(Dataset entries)
>>>>

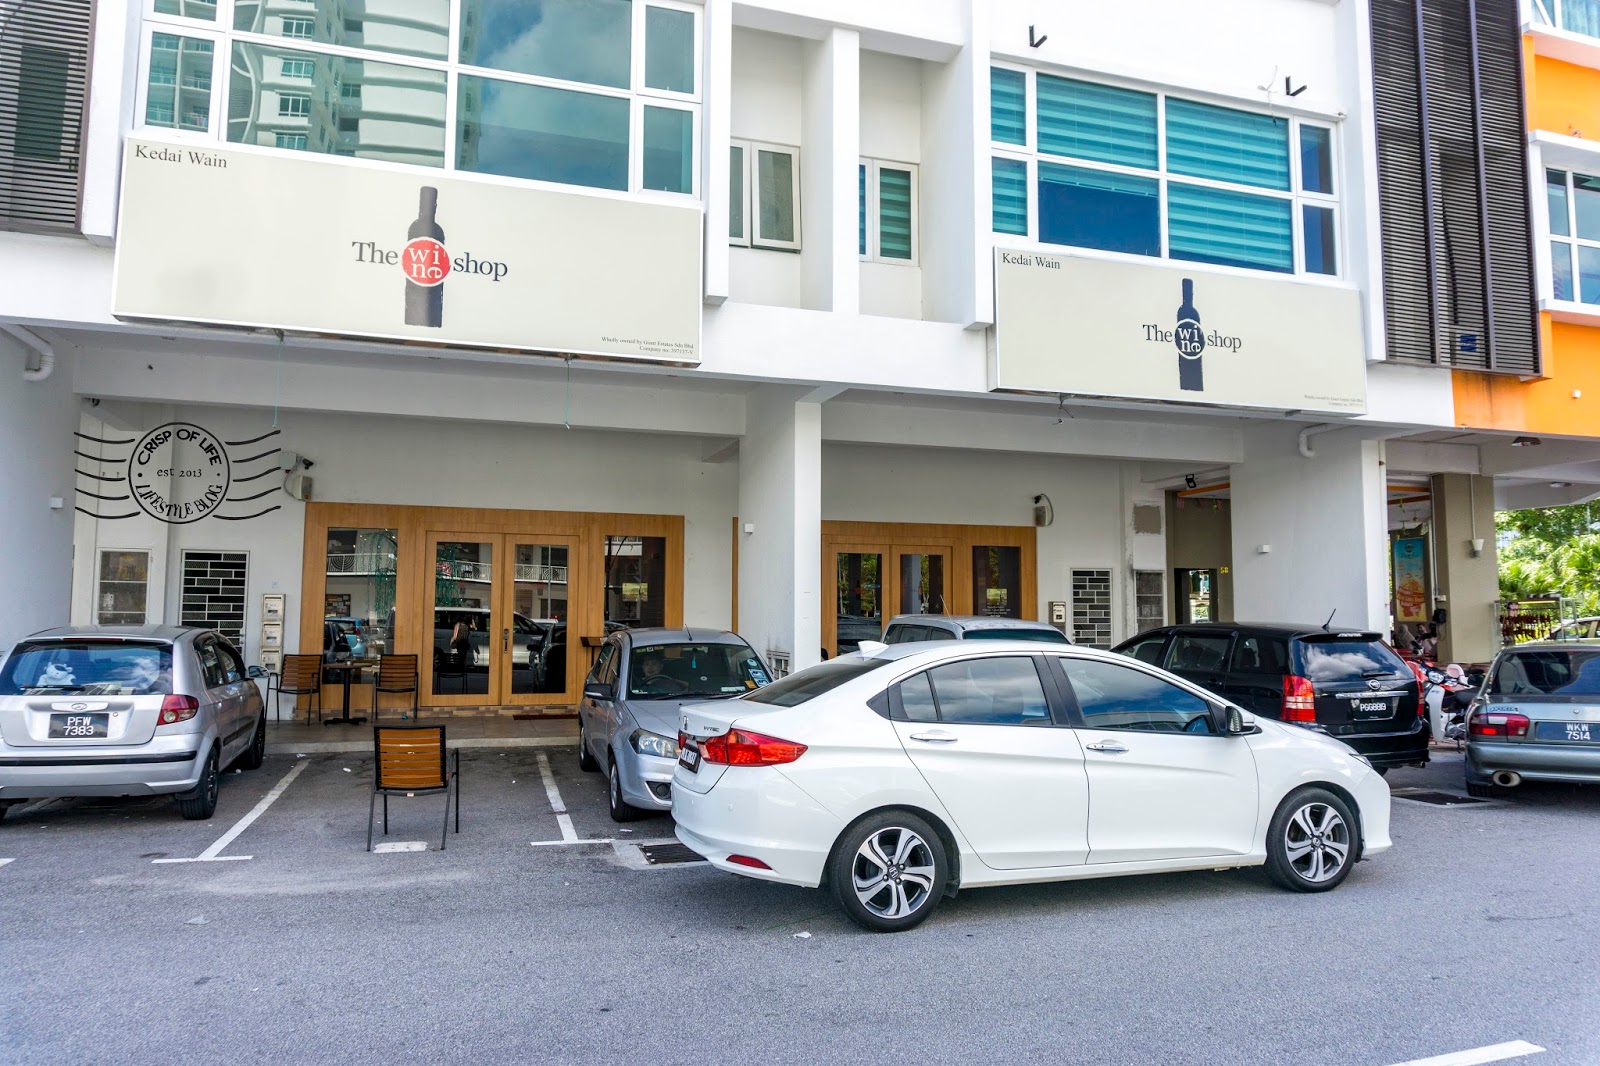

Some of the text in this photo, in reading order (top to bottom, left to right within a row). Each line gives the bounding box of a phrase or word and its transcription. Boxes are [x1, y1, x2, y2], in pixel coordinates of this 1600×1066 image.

[135, 144, 228, 168] Kedai Wain
[351, 241, 398, 265] The
[453, 252, 508, 282] shop
[1002, 252, 1061, 270] Kedai Wain
[1142, 324, 1173, 343] The
[1207, 330, 1242, 352] shop
[67, 717, 91, 726] PFW
[1566, 723, 1589, 731] WKW
[63, 726, 94, 736] 7383
[1565, 731, 1591, 740] 7514
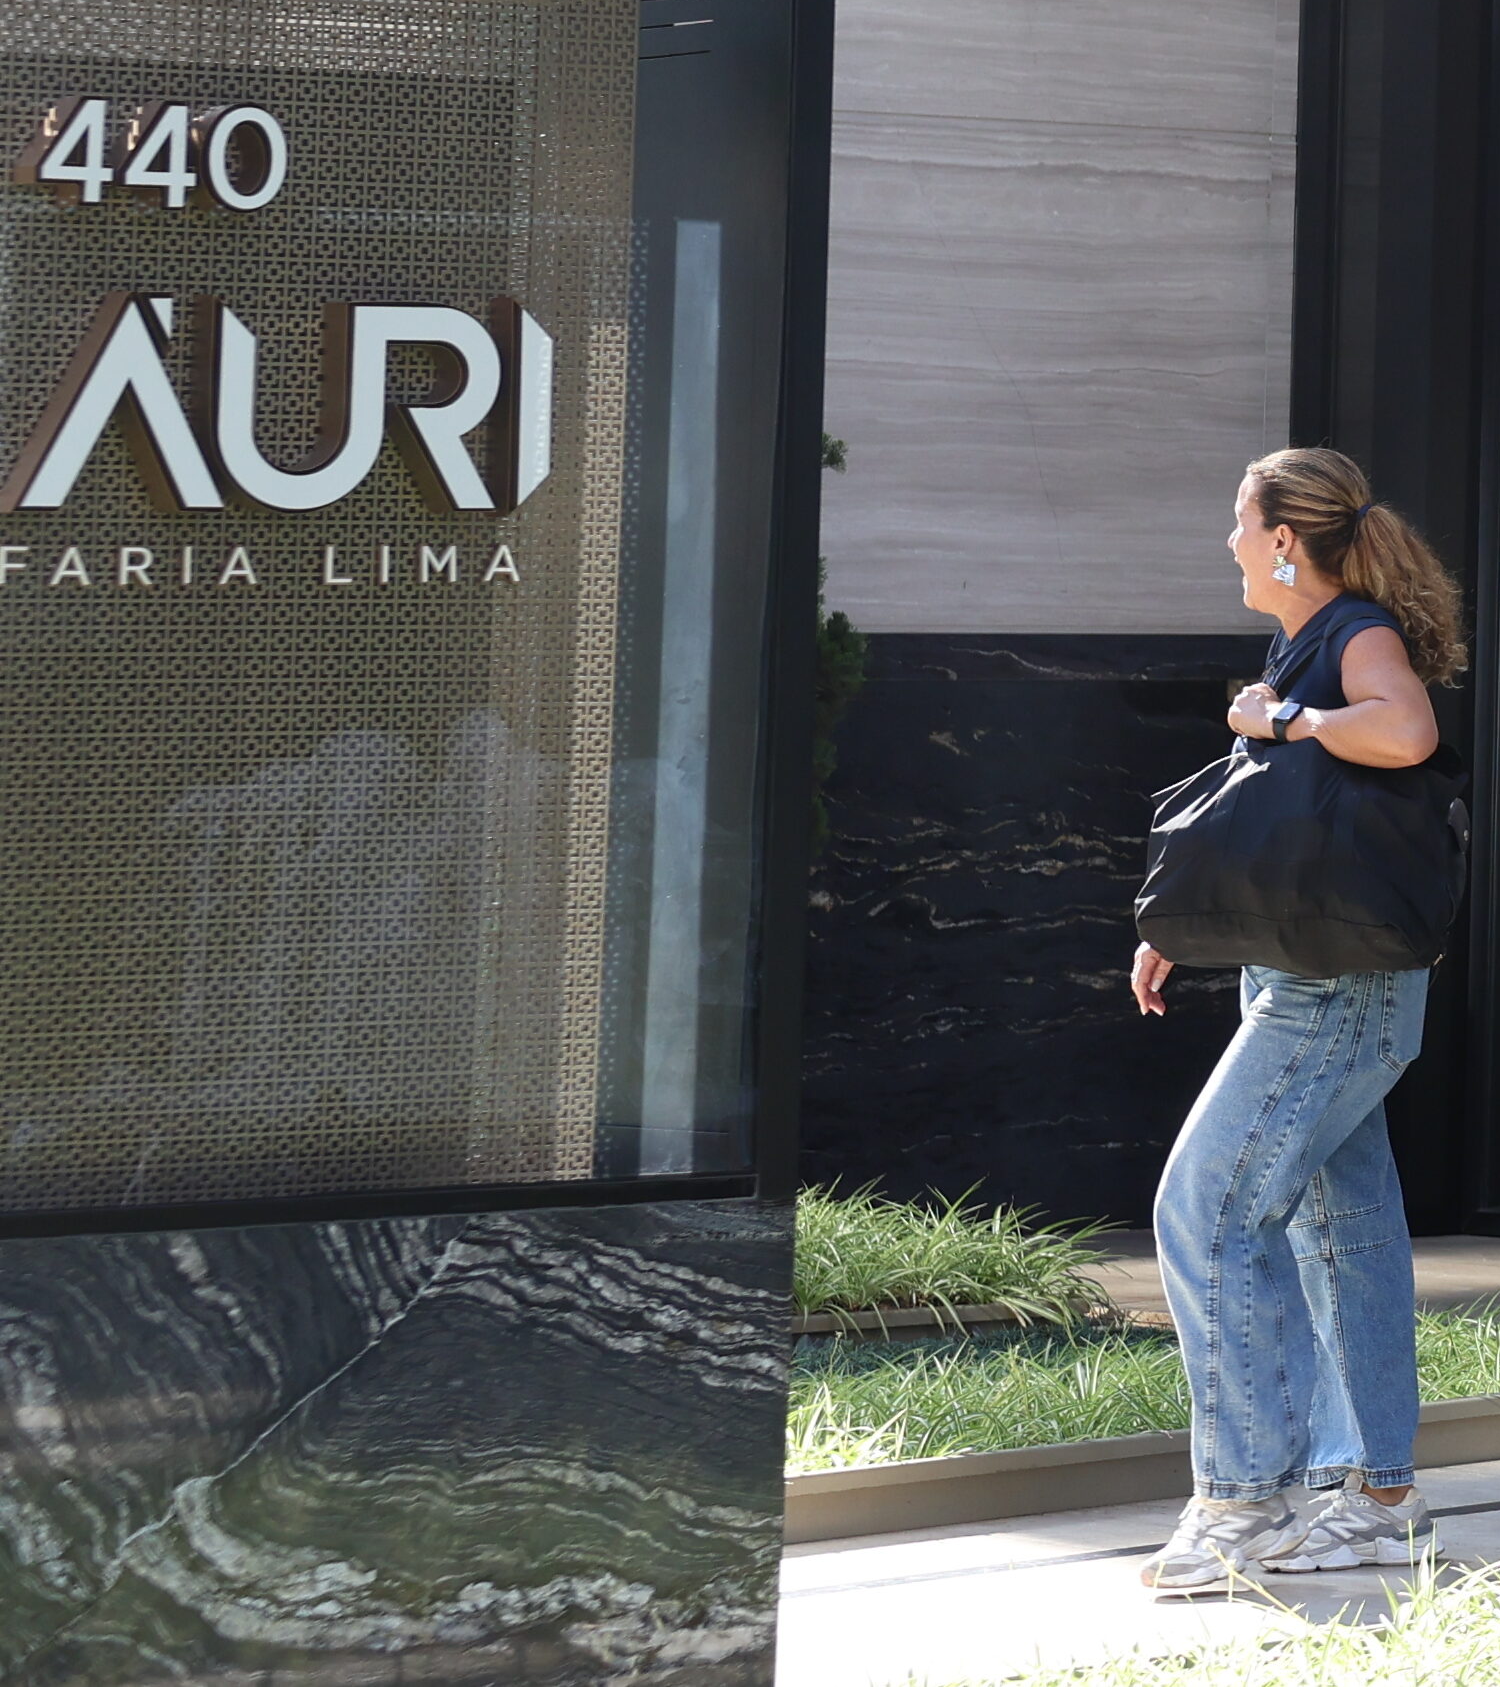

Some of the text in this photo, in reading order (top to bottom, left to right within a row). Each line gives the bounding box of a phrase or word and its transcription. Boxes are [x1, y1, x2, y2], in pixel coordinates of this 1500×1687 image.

[39, 98, 288, 211] 440
[0, 544, 521, 586] FARIA LIMA
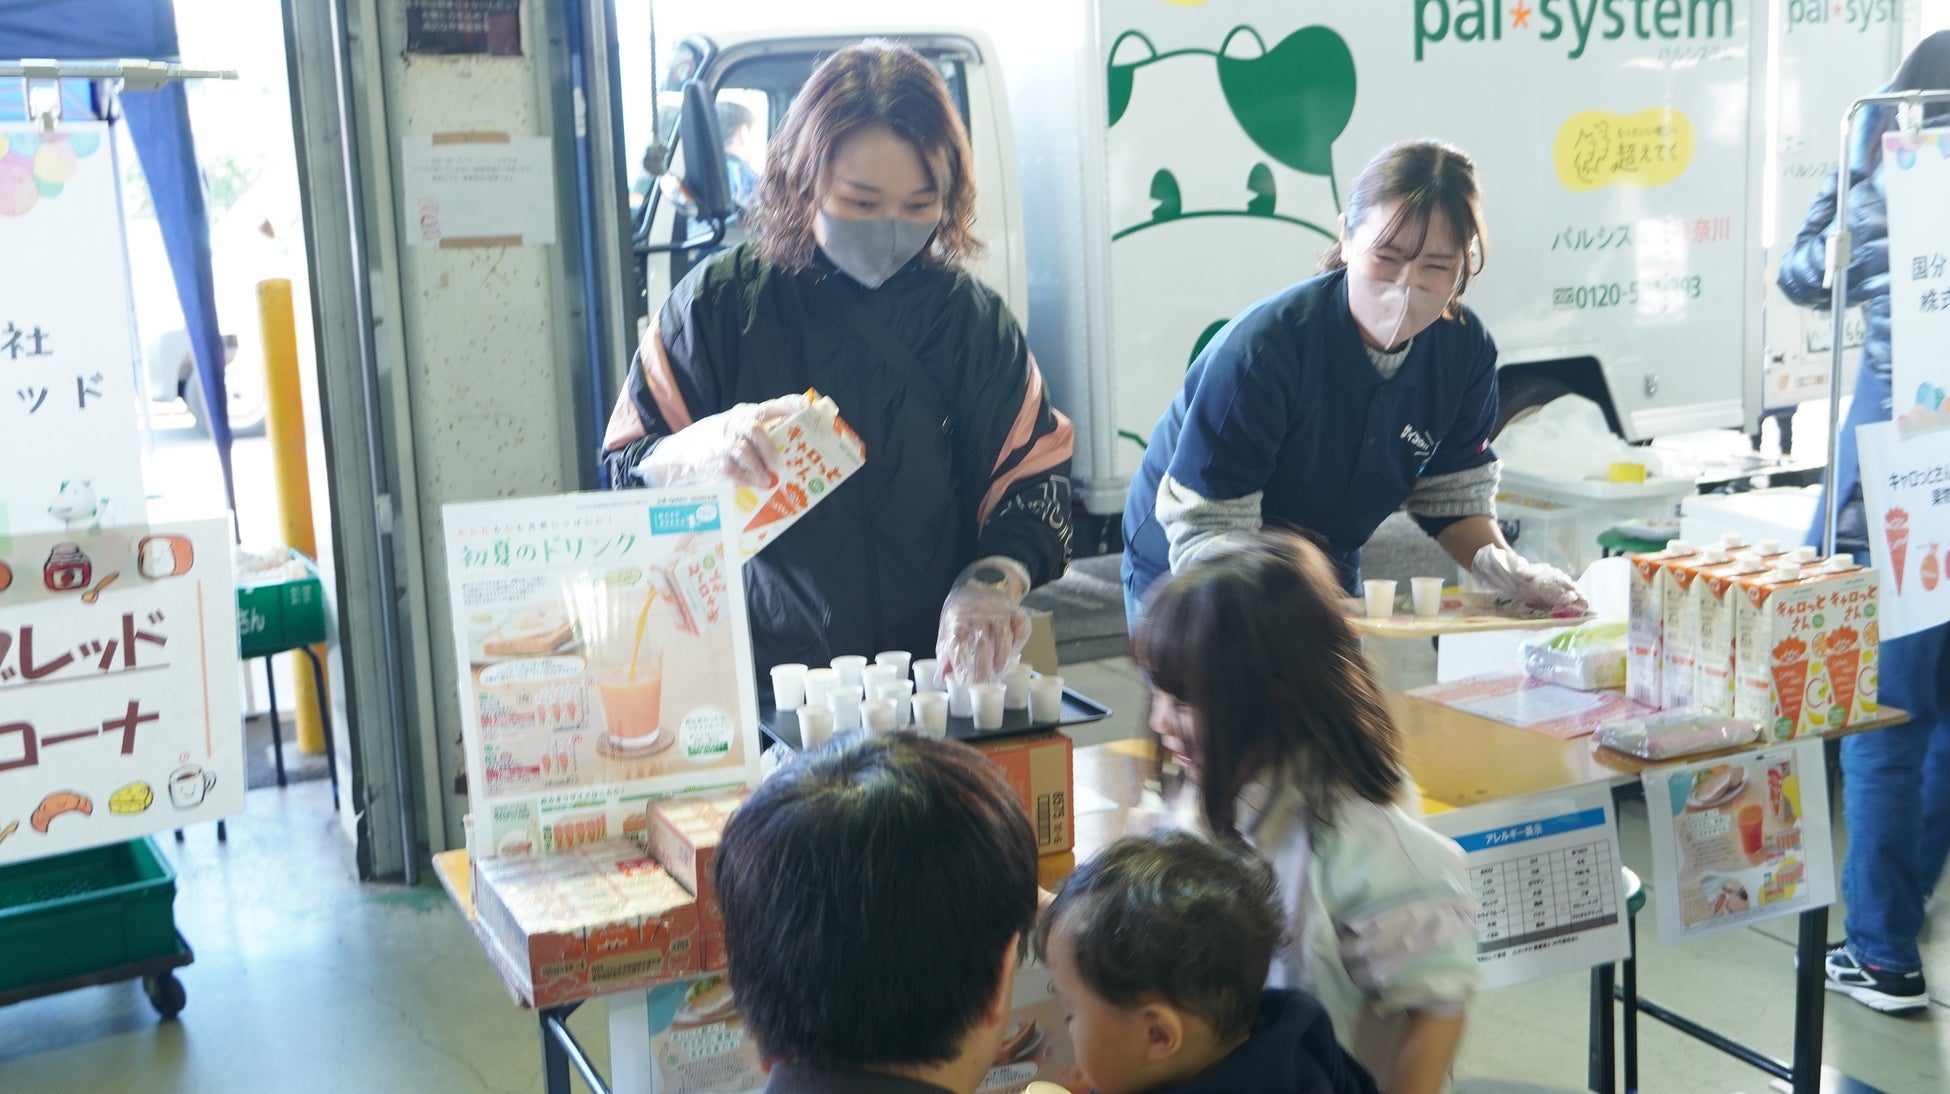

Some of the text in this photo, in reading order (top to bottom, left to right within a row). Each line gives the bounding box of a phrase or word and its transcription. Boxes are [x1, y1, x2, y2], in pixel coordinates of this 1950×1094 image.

[1610, 141, 1678, 173] 超えてく
[1912, 252, 1948, 281] 国分
[0, 321, 53, 360] 社
[462, 532, 636, 569] 初夏のドリンク
[1484, 823, 1544, 845] アレルギー表示

<<<<

The line containing "this 1950×1094 image." opens the range, and the last line of the entries closes it; copy that range exactly.

■ Written answer
Some of the text in this photo, in reading order (top to bottom, left to right within a row). Each line gives the bounding box of a phrase or word and its transcription. Boxes are [x1, y1, x2, y2], in pixel coordinates of this 1950×1094 image.

[1610, 141, 1678, 173] 超えてく
[1912, 252, 1948, 281] 国分
[0, 321, 53, 360] 社
[462, 532, 636, 569] 初夏のドリンク
[1484, 823, 1544, 845] アレルギー表示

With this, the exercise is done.